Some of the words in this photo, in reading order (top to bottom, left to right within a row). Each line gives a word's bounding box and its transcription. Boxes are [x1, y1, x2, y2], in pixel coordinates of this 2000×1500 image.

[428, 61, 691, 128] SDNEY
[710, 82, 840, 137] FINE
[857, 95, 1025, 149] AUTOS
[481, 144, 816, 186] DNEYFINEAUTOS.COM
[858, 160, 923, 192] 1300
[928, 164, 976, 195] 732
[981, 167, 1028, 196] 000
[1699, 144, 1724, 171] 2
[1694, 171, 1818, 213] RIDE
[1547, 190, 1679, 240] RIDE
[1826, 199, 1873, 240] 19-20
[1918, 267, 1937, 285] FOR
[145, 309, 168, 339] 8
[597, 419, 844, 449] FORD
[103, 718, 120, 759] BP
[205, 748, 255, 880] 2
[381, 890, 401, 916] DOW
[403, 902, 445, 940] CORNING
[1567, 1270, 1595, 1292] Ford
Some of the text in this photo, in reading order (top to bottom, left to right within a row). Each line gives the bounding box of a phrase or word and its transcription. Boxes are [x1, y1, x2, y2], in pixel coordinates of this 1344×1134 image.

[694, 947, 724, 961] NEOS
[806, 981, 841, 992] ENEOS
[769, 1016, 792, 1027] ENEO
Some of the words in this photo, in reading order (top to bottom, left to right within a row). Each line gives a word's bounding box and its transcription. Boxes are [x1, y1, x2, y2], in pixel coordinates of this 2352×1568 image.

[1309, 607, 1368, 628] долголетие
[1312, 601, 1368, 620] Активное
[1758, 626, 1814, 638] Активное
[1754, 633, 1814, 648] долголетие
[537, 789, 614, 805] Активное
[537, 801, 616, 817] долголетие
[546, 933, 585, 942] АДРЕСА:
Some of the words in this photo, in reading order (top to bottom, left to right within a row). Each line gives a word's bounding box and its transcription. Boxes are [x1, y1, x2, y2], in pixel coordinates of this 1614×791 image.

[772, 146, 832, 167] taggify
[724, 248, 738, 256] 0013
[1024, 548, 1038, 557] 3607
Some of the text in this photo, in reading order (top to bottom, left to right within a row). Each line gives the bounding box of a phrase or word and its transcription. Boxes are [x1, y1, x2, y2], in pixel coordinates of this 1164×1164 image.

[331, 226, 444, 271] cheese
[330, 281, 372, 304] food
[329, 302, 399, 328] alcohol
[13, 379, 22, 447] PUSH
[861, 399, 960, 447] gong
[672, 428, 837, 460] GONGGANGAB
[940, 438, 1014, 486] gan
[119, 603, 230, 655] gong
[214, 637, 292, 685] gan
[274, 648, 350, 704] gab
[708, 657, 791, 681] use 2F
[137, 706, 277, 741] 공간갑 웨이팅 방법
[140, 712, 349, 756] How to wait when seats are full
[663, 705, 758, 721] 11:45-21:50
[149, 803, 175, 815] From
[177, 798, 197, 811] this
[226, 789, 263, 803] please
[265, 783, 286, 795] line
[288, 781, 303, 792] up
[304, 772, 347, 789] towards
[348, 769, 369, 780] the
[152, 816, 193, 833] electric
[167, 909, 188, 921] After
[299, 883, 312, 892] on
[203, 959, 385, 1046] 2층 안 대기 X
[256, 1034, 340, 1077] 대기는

+++++

Repeat, word for word, every line above.

# [COMPLETED EXERCISE]
Some of the words in this photo, in reading order (top to bottom, left to right within a row). Each line gives a word's bounding box and its transcription. Boxes are [x1, y1, x2, y2], in pixel coordinates of this 2000×1500 image.

[428, 61, 691, 128] SDNEY
[710, 82, 840, 137] FINE
[857, 95, 1025, 149] AUTOS
[481, 144, 816, 186] DNEYFINEAUTOS.COM
[858, 160, 923, 192] 1300
[928, 164, 976, 195] 732
[981, 167, 1028, 196] 000
[1699, 144, 1724, 171] 2
[1694, 171, 1818, 213] RIDE
[1547, 190, 1679, 240] RIDE
[1826, 199, 1873, 240] 19-20
[1918, 267, 1937, 285] FOR
[145, 309, 168, 339] 8
[597, 419, 844, 449] FORD
[103, 718, 120, 759] BP
[205, 748, 255, 880] 2
[381, 890, 401, 916] DOW
[403, 902, 445, 940] CORNING
[1567, 1270, 1595, 1292] Ford
Some of the text in this photo, in reading order (top to bottom, left to right within a row). Each line gives the bounding box of a phrase or word and its transcription. Boxes are [x1, y1, x2, y2], in pixel coordinates of this 1344×1134 image.

[694, 947, 724, 961] NEOS
[806, 981, 841, 992] ENEOS
[769, 1016, 792, 1027] ENEO
Some of the words in this photo, in reading order (top to bottom, left to right within a row). Each line gives a word's bounding box and its transcription. Boxes are [x1, y1, x2, y2], in pixel coordinates of this 2352×1568 image.

[1309, 607, 1368, 628] долголетие
[1312, 601, 1368, 620] Активное
[1758, 626, 1814, 638] Активное
[1754, 633, 1814, 648] долголетие
[537, 789, 614, 805] Активное
[537, 801, 616, 817] долголетие
[546, 933, 585, 942] АДРЕСА:
Some of the words in this photo, in reading order (top to bottom, left to right within a row). Each line gives a word's bounding box and its transcription. Boxes are [x1, y1, x2, y2], in pixel coordinates of this 1614×791 image.

[772, 146, 832, 167] taggify
[724, 248, 738, 256] 0013
[1024, 548, 1038, 557] 3607
Some of the text in this photo, in reading order (top to bottom, left to right within a row). Each line gives the bounding box of a phrase or word and its transcription. Boxes are [x1, y1, x2, y2], in pixel coordinates of this 1164×1164 image.

[331, 226, 444, 271] cheese
[330, 281, 372, 304] food
[329, 302, 399, 328] alcohol
[13, 379, 22, 447] PUSH
[861, 399, 960, 447] gong
[672, 428, 837, 460] GONGGANGAB
[940, 438, 1014, 486] gan
[119, 603, 230, 655] gong
[214, 637, 292, 685] gan
[274, 648, 350, 704] gab
[708, 657, 791, 681] use 2F
[137, 706, 277, 741] 공간갑 웨이팅 방법
[140, 712, 349, 756] How to wait when seats are full
[663, 705, 758, 721] 11:45-21:50
[149, 803, 175, 815] From
[177, 798, 197, 811] this
[226, 789, 263, 803] please
[265, 783, 286, 795] line
[288, 781, 303, 792] up
[304, 772, 347, 789] towards
[348, 769, 369, 780] the
[152, 816, 193, 833] electric
[167, 909, 188, 921] After
[299, 883, 312, 892] on
[203, 959, 385, 1046] 2층 안 대기 X
[256, 1034, 340, 1077] 대기는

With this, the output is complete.